Parece que el sistema educativo organiza su actividad de forma que lo importante no sea que el alumno aprenda
sino que el profesor enseñe. De hecho, a los docentes se nos paga por las horas de clase que hemos dado, no
por los conocimientos que los estudiantes hayan adquirido.

He pensado muchas veces en la curiosa repetición que las azafatas de vuelos aéreos, de manera tan mecánica
como inútil, hacen de las instrucciones de salvamento. La situación es pintoresca. Me recuerda algunas clases
impartidas por profesores despreocupados. La azafata se coloca delante de los pasajeros sin que éstos le hayan
preguntado nada. Muchos de ellos ni miran. Otros contemplan con embeleso las atractivas facciones de la
improvisada profesora. Algunos leen distraídamente el periódico, otros charlan con los compañeros de viaje, hay
quien mira por la ventanilla e, incluso, quien coloca su equipaje de mano debajo del asiento. Ella explica con gestos
idénticos para todos, como si todos estuviéramos igualmente interesados, sin importar que entre los pasajeros esté
un piloto o un analfabeto. Da igual que haya personas sordomudas o ciegos de nacimiento. El mensaje es el mismo
para todos. Da igual que haya niños o personas adultas. El mensaje es el mismo. Para colmo, al terminar, muestra
un folleto y sugiere que en el respaldo del asiento el pasajero tiene otro igual en el que puede consultar aquello
que no haya entendido. Nunca he visto a nadie echar mano al manual de instrucciones. ¿Qué sucedería si, al final,
exigiesen a los pasajeros que demostrasen el resultado del aprendizaje como requisito para continuar en el avión?
Si le preguntamos a la azafata, qué piensa de lo que han aprendido los pasajeros, probablemente dirá que no lo
sabe. Es más, que ni siquiera le importa. A ella le pagan por repetir su lección. Lo que los pasajeros entiendan no
es cosa suya. ¿Cuántas veces nos han explicado cómo ha de colocarse el salvavidas en caso de accidente aéreo?
¿Cuántos lo sabríamos colocar adecuadamente llegado el caso de intentarlo? ¿Por qué este fracaso reiterado?
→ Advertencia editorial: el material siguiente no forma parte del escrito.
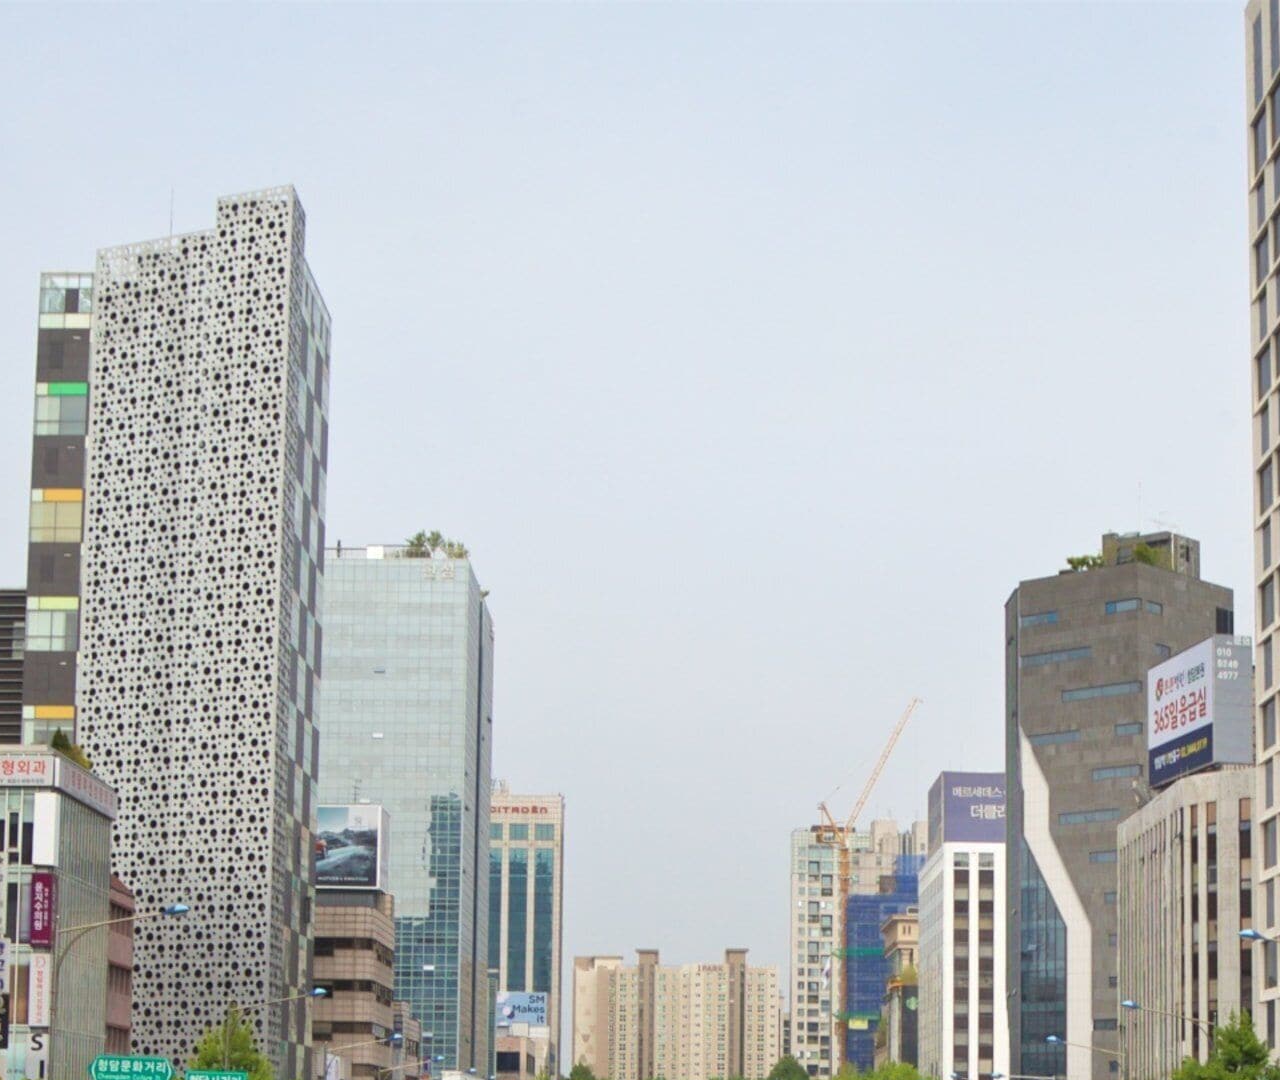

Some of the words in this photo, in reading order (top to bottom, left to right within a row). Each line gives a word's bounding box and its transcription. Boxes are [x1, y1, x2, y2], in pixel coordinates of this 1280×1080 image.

[528, 994, 545, 1004] SM
[512, 1004, 545, 1014] Makes
[536, 1014, 545, 1025] it
[97, 1059, 166, 1074] 청담문화거리
Otra cosa muy distinta sería que cada uno manejase su chaleco e hiciese prácticas con él, colocándolo y quitándolo
aunque sólo fuera un par de veces. Otra cosa es que la azafata se acercase al que tuviera alguna duda o alguna
dificultad. Otra cosa sería si los que sabe ayudan a los que no saben. Lo que pasa es que lo más importante es
que la azafata explique, no la pagan por dar la explicación, independientemente de su utilidad y de la repercusión
real en el aprendizaje.

Algunos docentes pueden entender estas reflexiones como un ataque a la profesión. No lo son. Tratan
sencillamente de avivar la reflexión sobre un proceso tan decisivo como complejo.

Sé que la mayoría de los docentes aman su profesión, se dedican con responsabilidad a ella y reflexionan con rigor
sobre su práctica. Por eso las someten a la crítica y al análisis. Por eso solicitan y admiten las críticas ajenas que
les ayudan a entender lo que sucede. El peligro está en las actitudes de quienes creen que son perfectos y que
todo el fracaso se debe a los alumnos y a las alumnas. Es el caso del médico (permítame el lector una tercera
metáfora) que, ante el reiterado desastre de sus operaciones, explica el fracaso diciendo que los pacientes son
cada día más endebles, que no saben aplicar el tratamiento, que el quirófano está mal montado o que el ministro
del ramo es un perfecto inútil. ¿Podrá mejorar alguna vez lo que hace?